Speaking of maths we have for the philosophically inclined a wonderful article by Lewis Jones on whether mathematics means anything at all and where Bernard Russell went wrong. It is not every contributor to our website who has had personal discussions with the late Bertrand Russell; even fewer contributors - I suspect only Lewis Jones – have told that great philosopher to his face that he is mistaken.
One of their points of disagreement was over whether the universe could be regulated by a pink blancmange. (Lord Russell appeared to think that, mathematically, it might be. Read Lewis’s piece if you don’t believe me.) Which brings me, by a rather stretched link, to Vanessa Narayanassamy’s posting on whether sprouts were in fact the cause of the recent outbreak of e.coli in Germany. It seems that those who ate the sprouts were 14 times more likely to have become ill than those who did not. For the benefit of any eight-year-old children who may be reading, this not a counter-argument to the parental instruction ‘eat up your spouts, dear, they are good for you.’ These were bean-sprouts, not Brussels. And you only get pink blancmange if you eat them all up.

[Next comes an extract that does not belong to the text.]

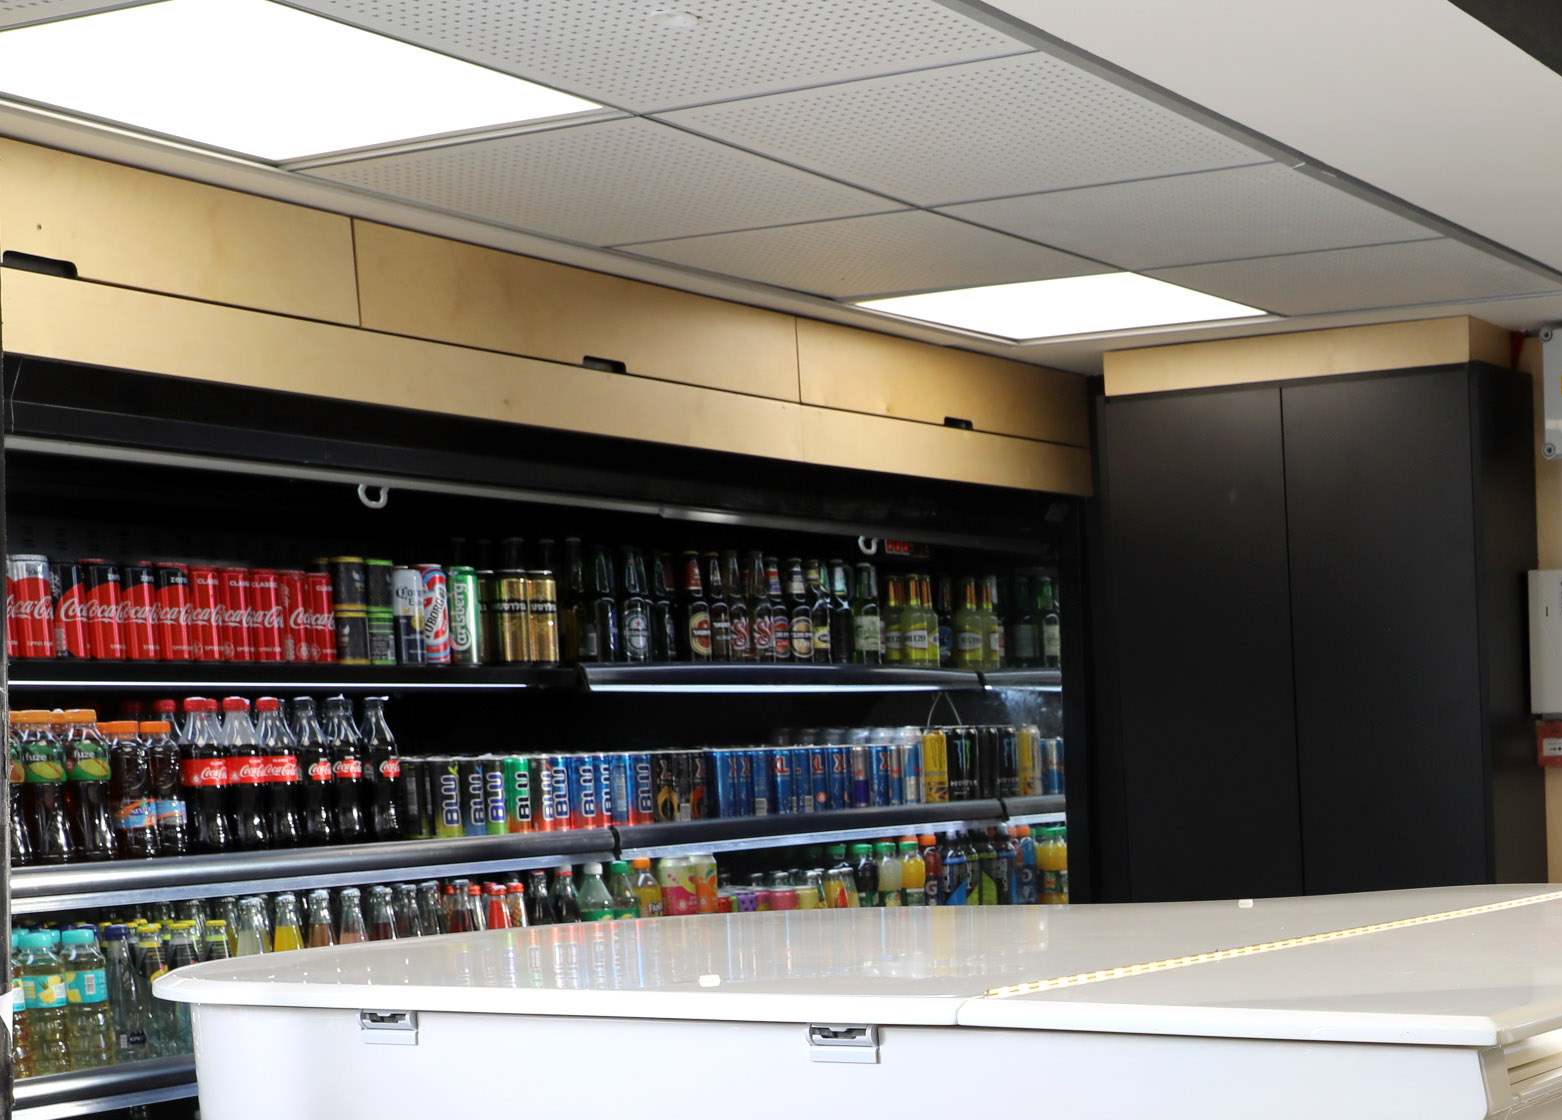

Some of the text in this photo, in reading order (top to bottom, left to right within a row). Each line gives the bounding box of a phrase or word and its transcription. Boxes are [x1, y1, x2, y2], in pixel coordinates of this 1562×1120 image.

Looking forward, Sunday brings the anniversary of the attacks on the World Trade centre; and Tuesday brings, in London, Significance magazine’s ‘Hot Topic’ conference on Feeding the Cities. Can the world grow enough food to feed the ever-growing urban population? And if it can, how should that food be grown – locally, organically, or genetically modified with the highest technology as a global agro-business? Will that food be affordable to the ever-growing urban poor, and can the planet sustain growing it? The conference is from 11.00 to 5.00 this Tuesday, at the RSS headquarters at 12, Errol Street, London EC1Y 8LX. See this posting for the full agenda; and come if you can. They are complex questions, and interesting questions, and they matter.